- **Supplied information**:
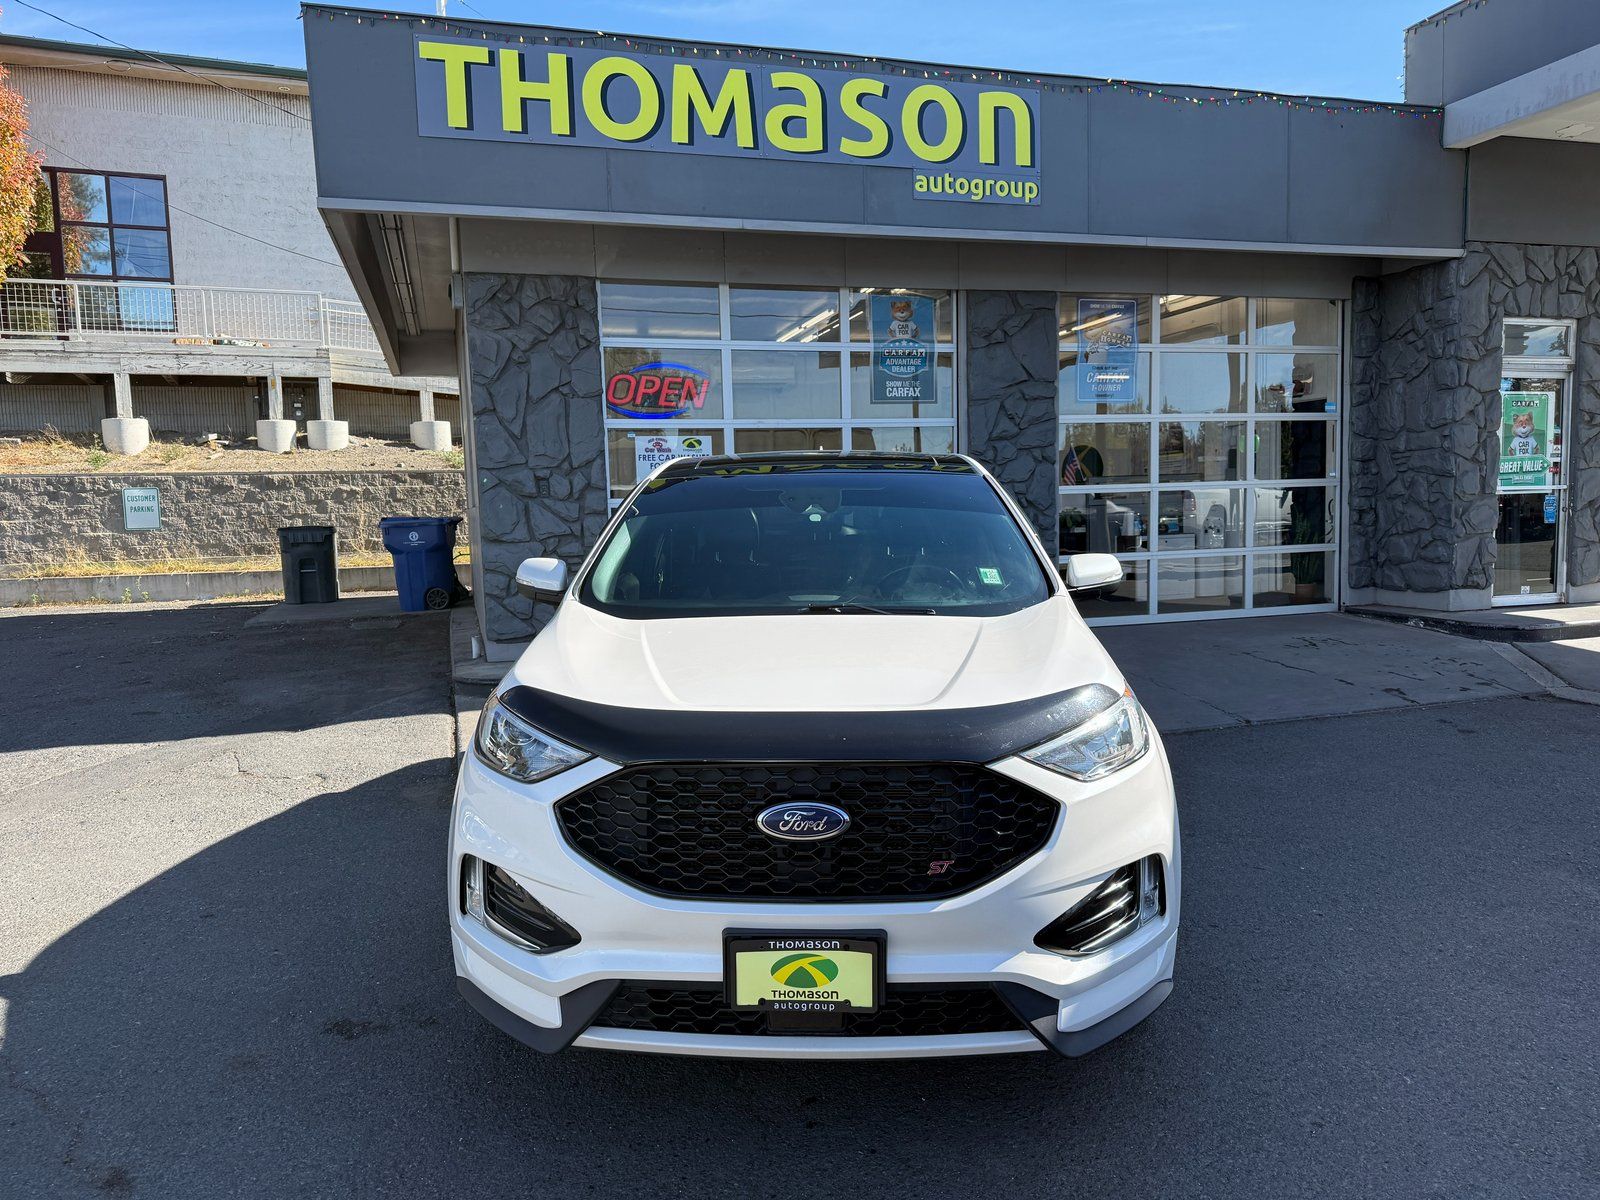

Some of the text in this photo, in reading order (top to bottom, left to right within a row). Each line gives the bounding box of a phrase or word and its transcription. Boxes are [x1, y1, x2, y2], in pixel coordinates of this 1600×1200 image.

[914, 172, 1039, 203] autogroup
[884, 349, 926, 357] CARFAX
[606, 374, 710, 408] OPEN
[886, 387, 921, 397] CARFAX
[1091, 384, 1121, 392] 1-OWNER
[638, 454, 656, 462] FREE
[1500, 461, 1521, 473] GREAT
[1522, 460, 1543, 472] VALUE
[779, 810, 828, 831] Ford
[927, 860, 955, 876] ST
[774, 1002, 835, 1011] autogroup
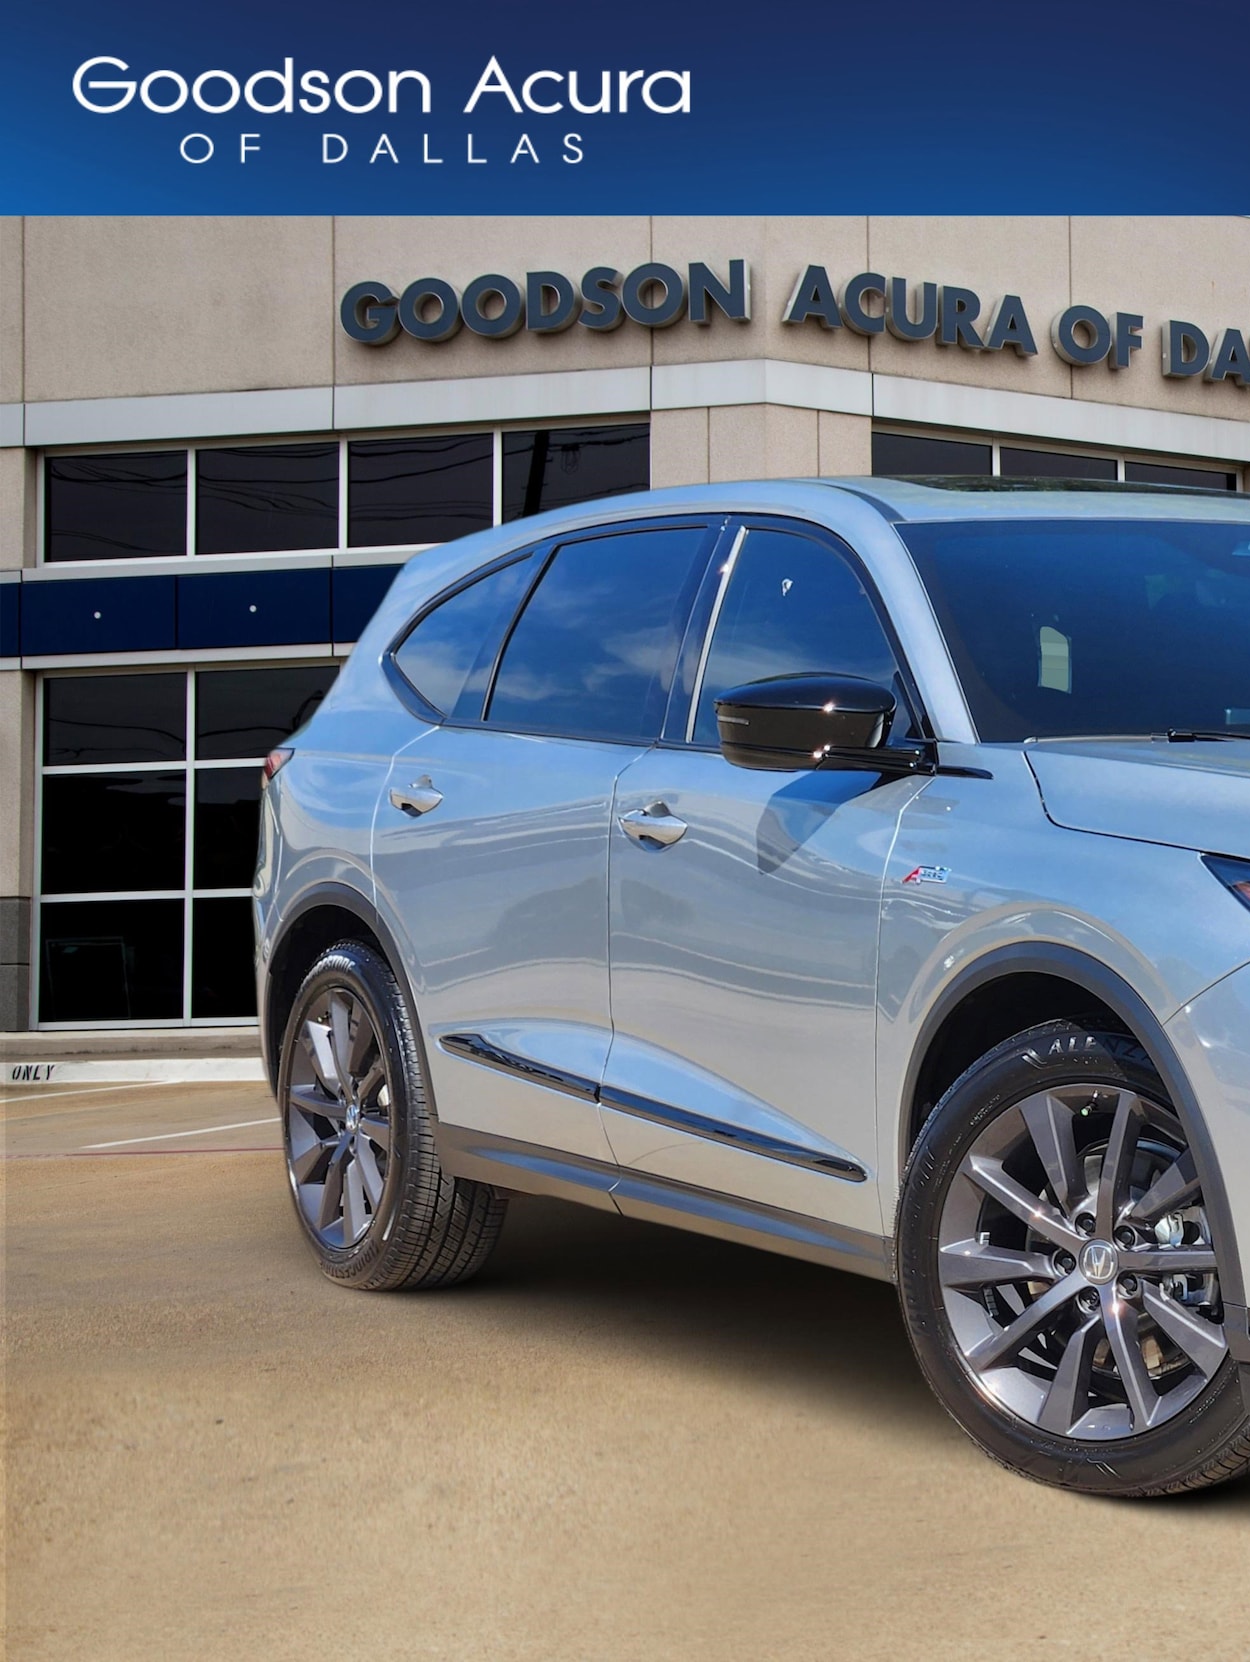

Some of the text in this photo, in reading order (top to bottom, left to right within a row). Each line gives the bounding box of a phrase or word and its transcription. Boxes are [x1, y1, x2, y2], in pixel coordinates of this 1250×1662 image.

[340, 259, 750, 346] GOODSON
[782, 264, 1038, 358] ACURA
[1050, 305, 1143, 370] OF
[12, 1064, 55, 1081] ONLY
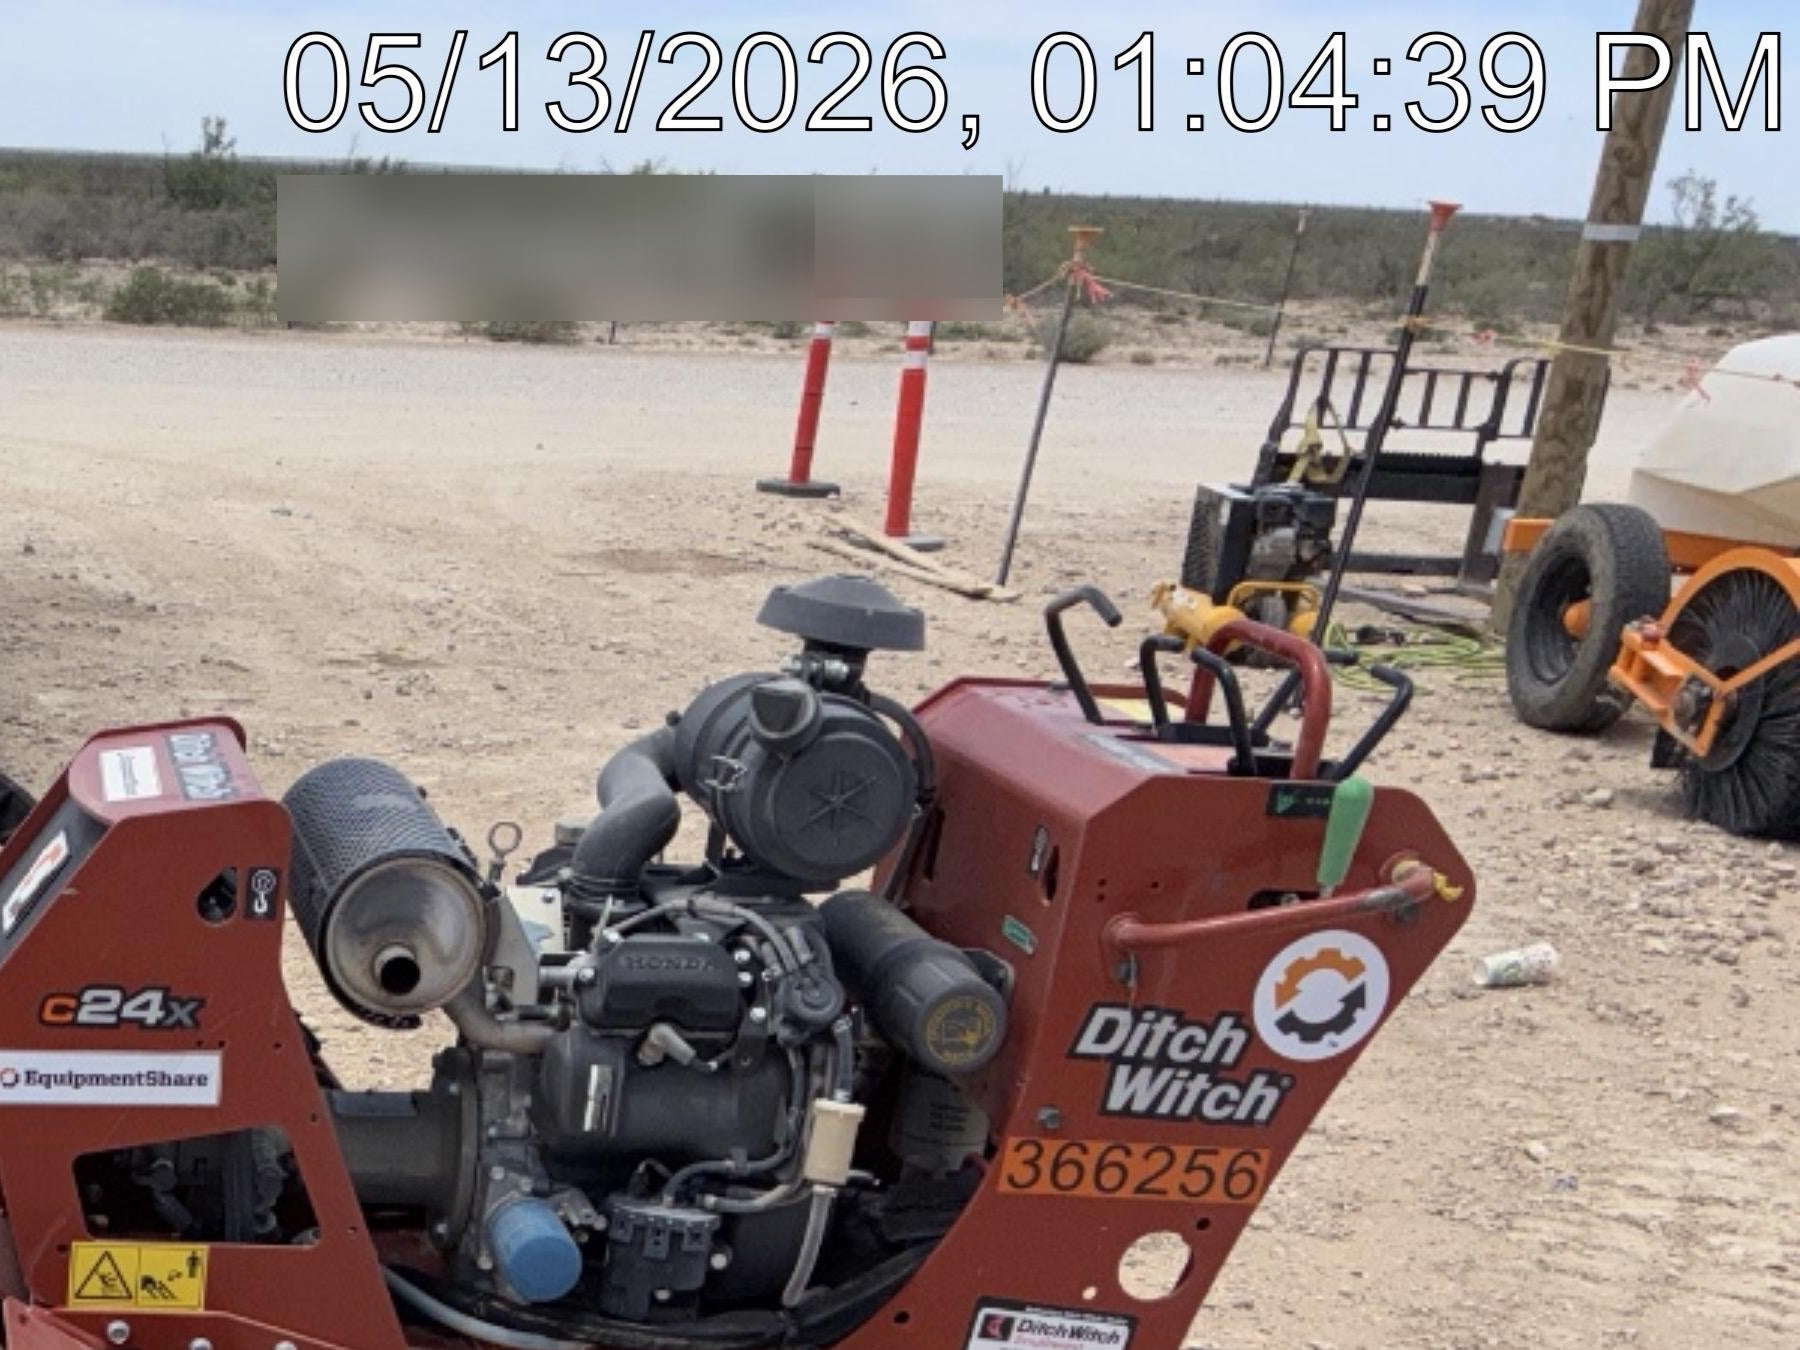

- **Instructions for the task**: Repeat only the lines from the one holding "this 1250×1662 image." through the last line of the data, inclusive. Keep the pictures out.

- **Response to the exercise**:
Some of the text in this photo, in reading order (top to bottom, left to right within a row). Each line gives the bounding box of a phrase or word and its transcription. Boxes are [x1, y1, x2, y2], in pixel coordinates of this 1250×1662 image.

[340, 259, 750, 346] GOODSON
[782, 264, 1038, 358] ACURA
[1050, 305, 1143, 370] OF
[12, 1064, 55, 1081] ONLY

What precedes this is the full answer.